Spectroscopic, structural, and magnetic data are presented for Fe(C(3)H(4)N(2))(6)(NO(3))(2), which facilitate a precise definition of the electronic and molecular structure of the Fe(Im)(6)](2+) cation. The structure was determined at 120(1) K by X-ray diffraction methods. The salt crystallizes in the trigonal space group R3 with unit-cell parameters a = 12.4380(14) A, c = 14.5511(18) A, and Z = 3. All the imidazole ligands are equivalent with an Fe-N bond distance of 2.204(1) A. Variable-temperature inelastic neutron scattering (INS) measurements identify a cold magnetic transition at 19.4(2) cm(-1) and a hot transition at 75.7(6) cm(-1).
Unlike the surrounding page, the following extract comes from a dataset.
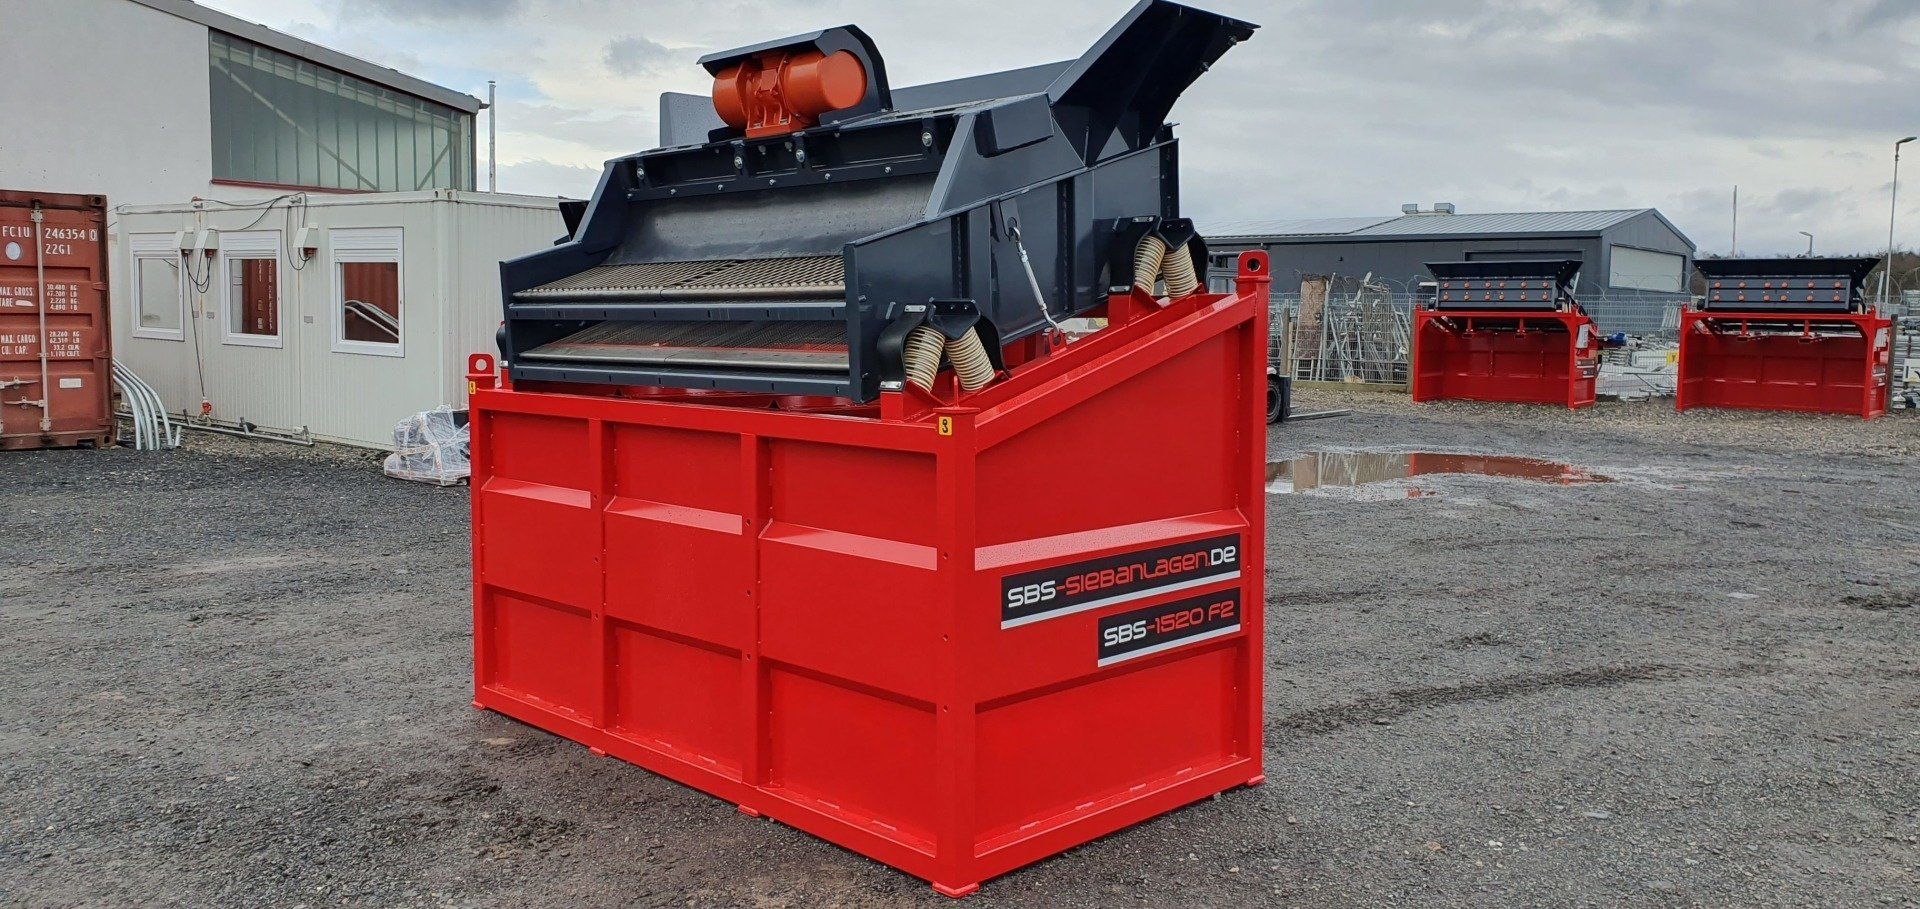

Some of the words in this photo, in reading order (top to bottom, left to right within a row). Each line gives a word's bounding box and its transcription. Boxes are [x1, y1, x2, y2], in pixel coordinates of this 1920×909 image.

[2, 225, 30, 238] FCIU
[45, 227, 86, 240] 246354
[1103, 609, 1204, 647] SBS-1520
[1208, 600, 1235, 622] F2
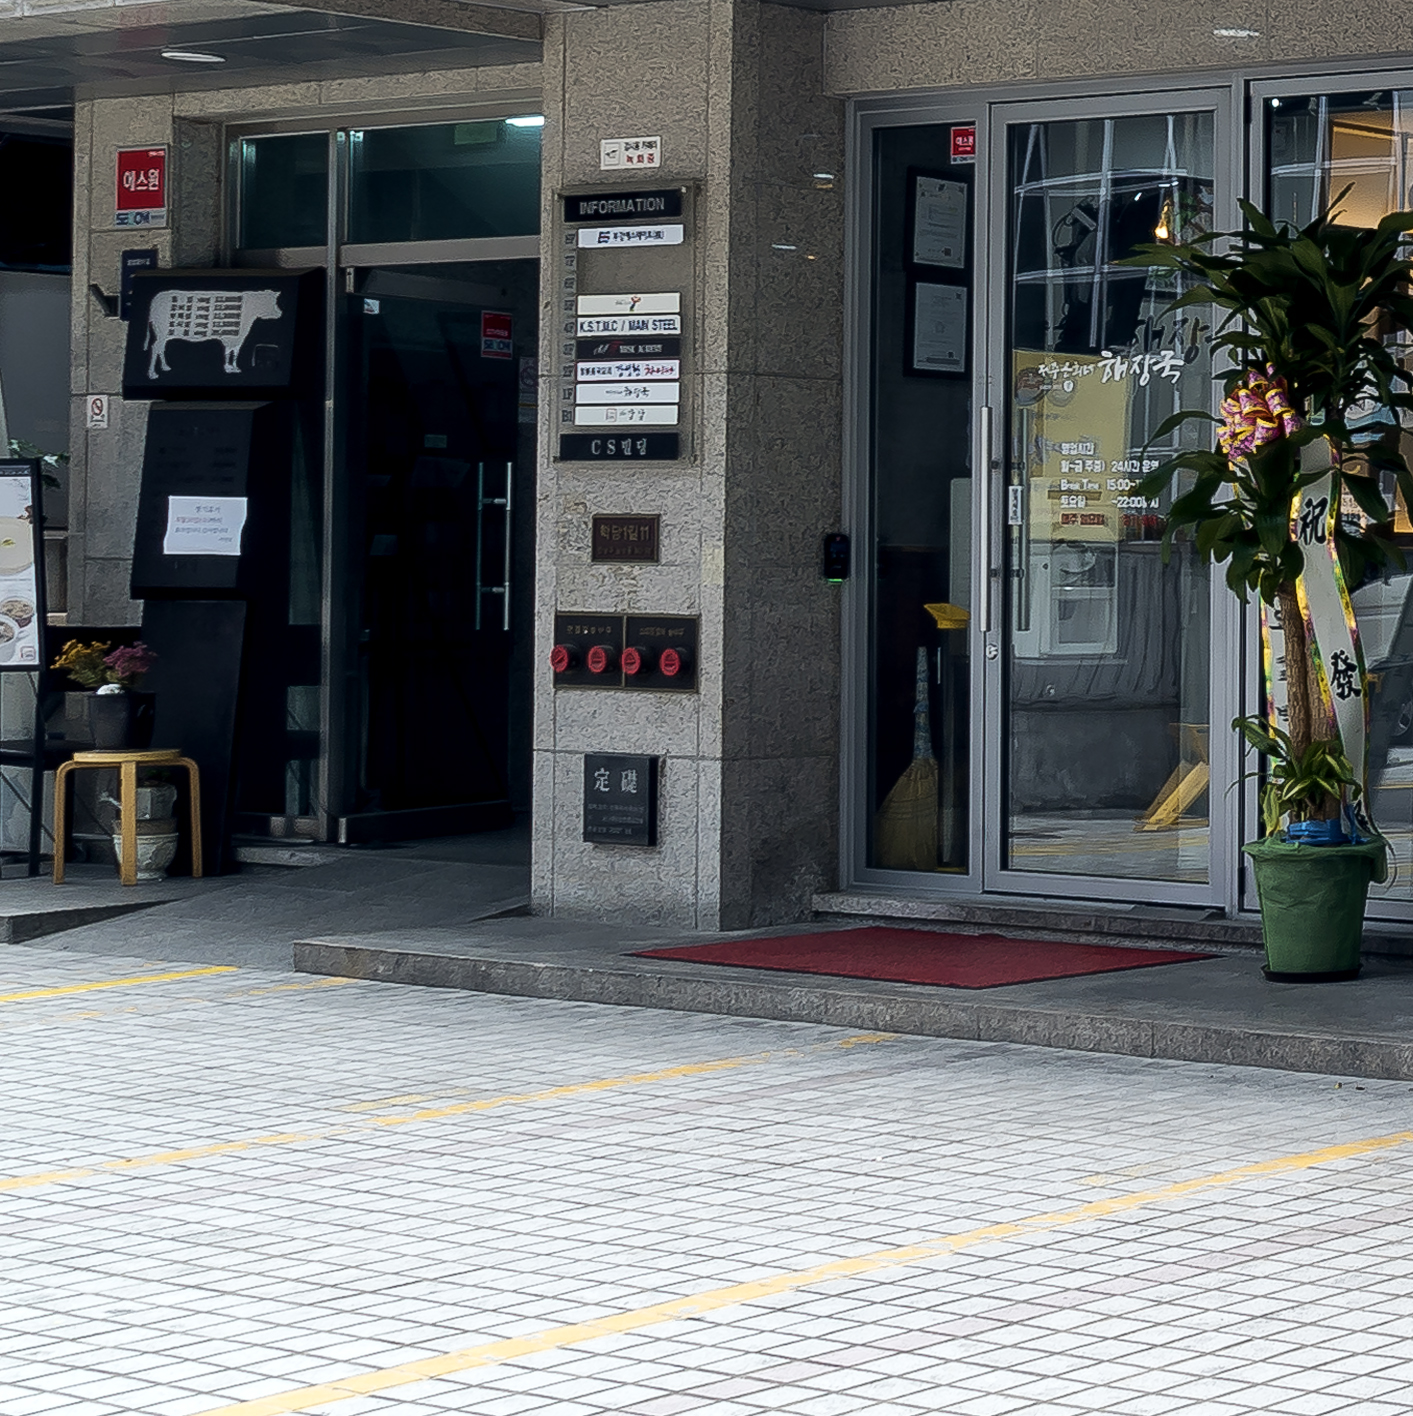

The data are interpreted using a ligand field Hamiltonian acting in the weak-field (5)D basis, from which the diagonal trigonal field splitting of the (5)T(2g) (O(h)) term is estimated as approximately 485 cm(-1), with the (5)A(g) (S(6)) component lower lying. High-field multifrequency (HFMF) EPR data and measurements of the magnetic susceptibility are also reported and can be satisfactorily modeled using the energies and wave functions derived from analysis of the INS data. The electronic and molecular structures are related through angular overlap model calculations, treating the imidazole ligand as a weak pi-donor.